INPUT Block Start

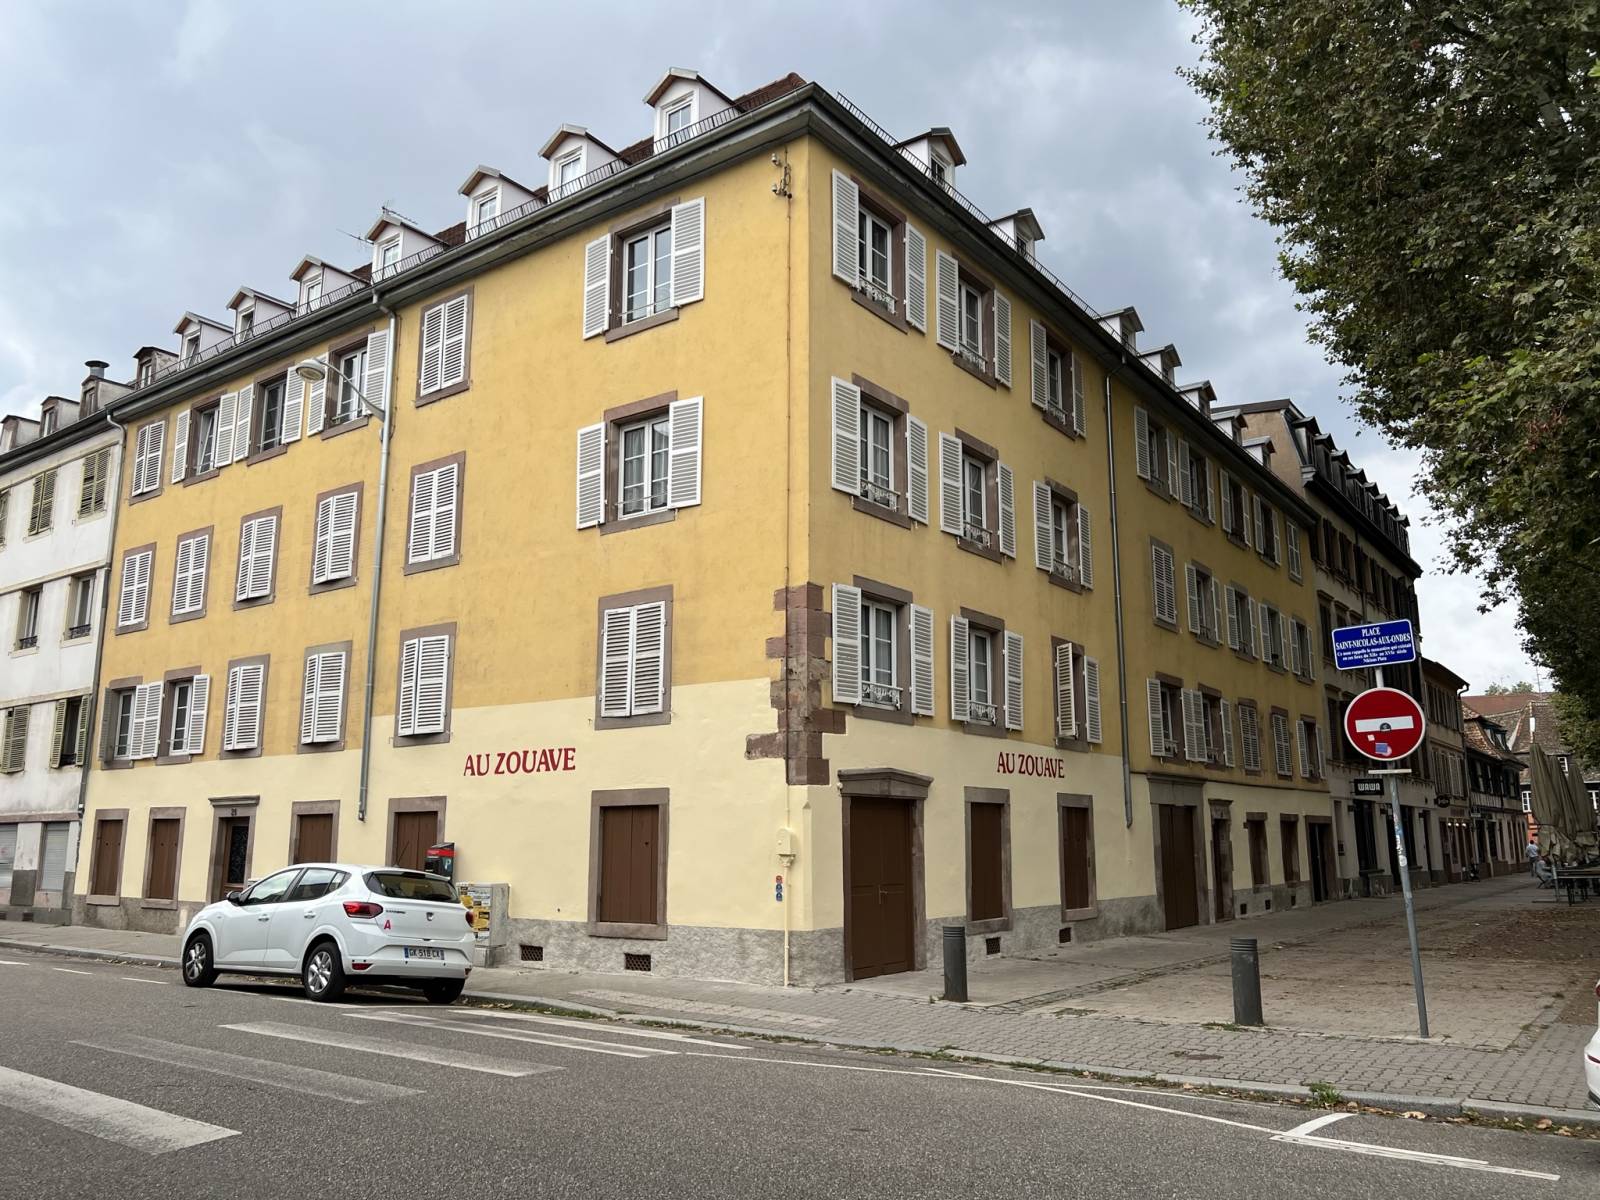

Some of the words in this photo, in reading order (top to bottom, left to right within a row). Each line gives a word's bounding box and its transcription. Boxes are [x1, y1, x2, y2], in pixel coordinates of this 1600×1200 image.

[1361, 627, 1380, 637] PLACE
[1335, 633, 1411, 650] SAINT-NICOLAS-AUX-ONDES
[463, 753, 491, 776] AU
[494, 747, 577, 775] ZOUAVE
[996, 752, 1015, 774] AU
[1018, 754, 1065, 779] ZOUAVE
[384, 920, 392, 930] A
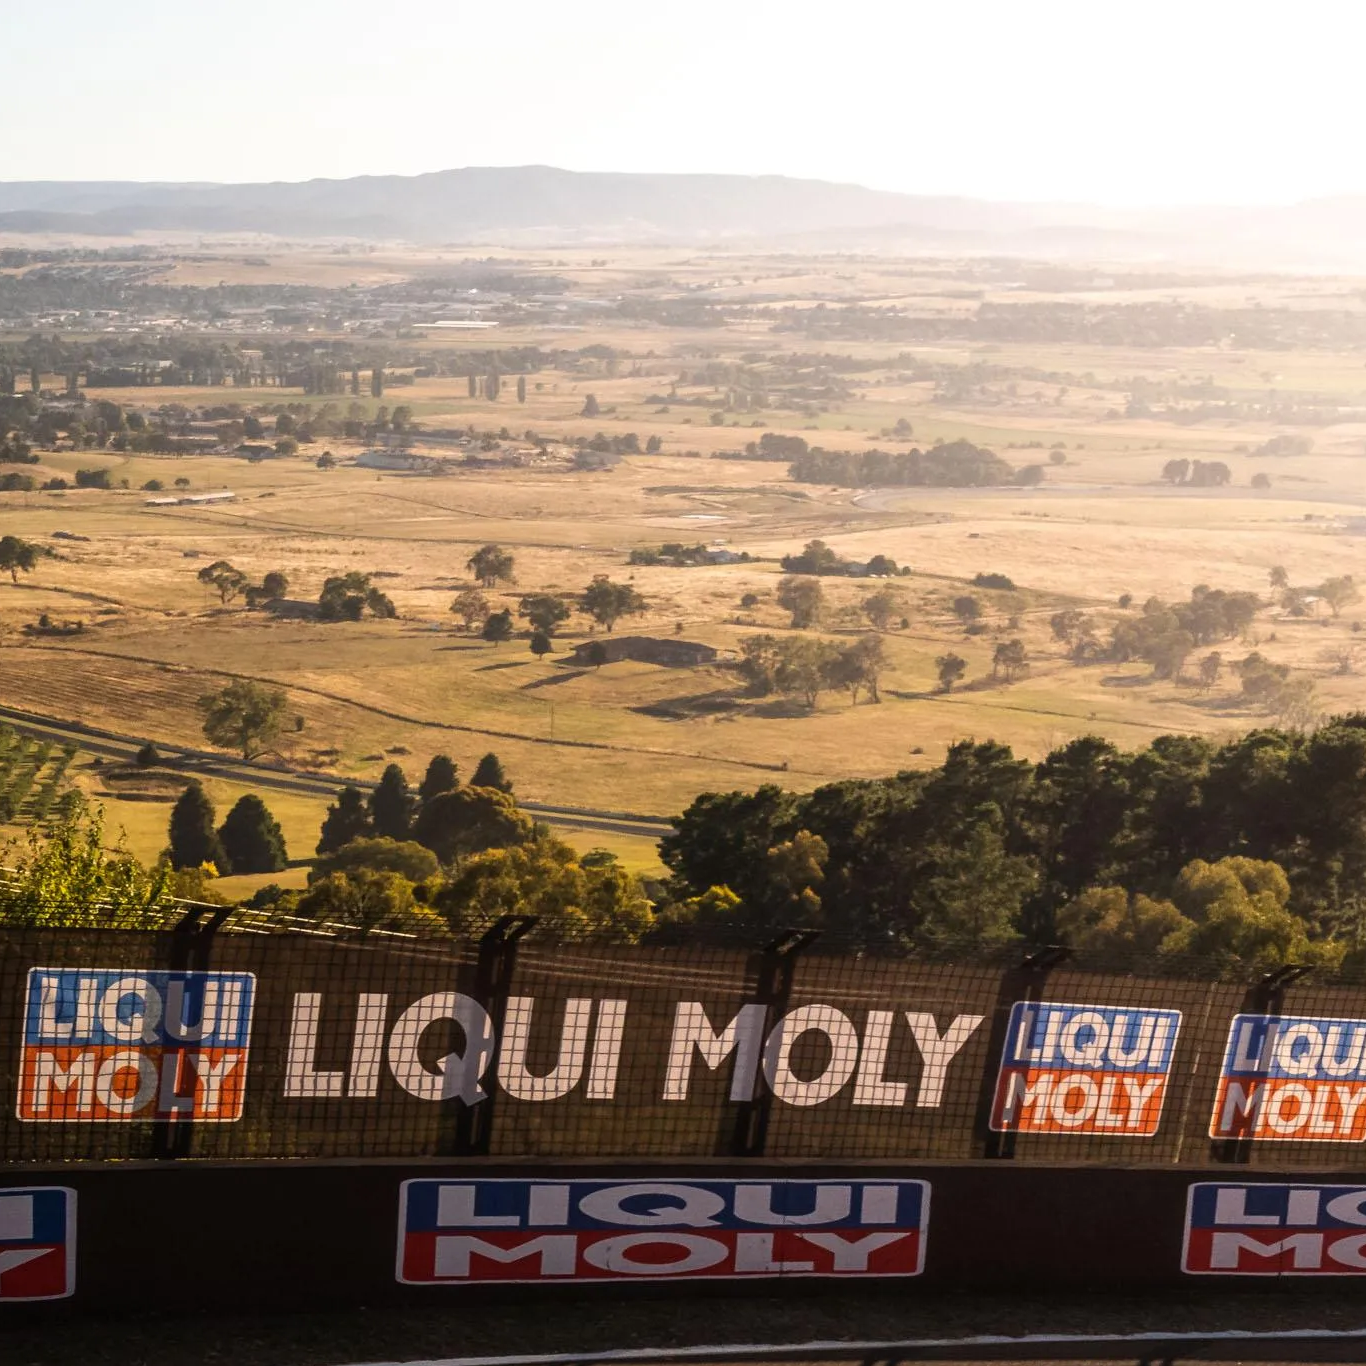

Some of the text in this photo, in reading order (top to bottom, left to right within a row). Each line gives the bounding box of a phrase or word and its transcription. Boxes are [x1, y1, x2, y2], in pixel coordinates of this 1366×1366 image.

[37, 977, 243, 1043] LIQUI
[1014, 1007, 1172, 1070] LIQUI
[283, 992, 986, 1107] LIQUI MOLY
[34, 1051, 243, 1114] MOLY
[1003, 1071, 1165, 1129] MOLY
[437, 1184, 900, 1228] LIQUI
[434, 1232, 913, 1278] MOLY

INPUT Block End

Start at the line containing "Some of the text" and return each line up to and including the last line of the material.

Some of the text in this photo, in reading order (top to bottom, left to right within a row). Each line gives the bounding box of a phrase or word and its transcription. Boxes are [x1, y1, x2, y2], in pixel coordinates of this 1366×1366 image.

[37, 977, 243, 1043] LIQUI
[1014, 1007, 1172, 1070] LIQUI
[283, 992, 986, 1107] LIQUI MOLY
[34, 1051, 243, 1114] MOLY
[1003, 1071, 1165, 1129] MOLY
[437, 1184, 900, 1228] LIQUI
[434, 1232, 913, 1278] MOLY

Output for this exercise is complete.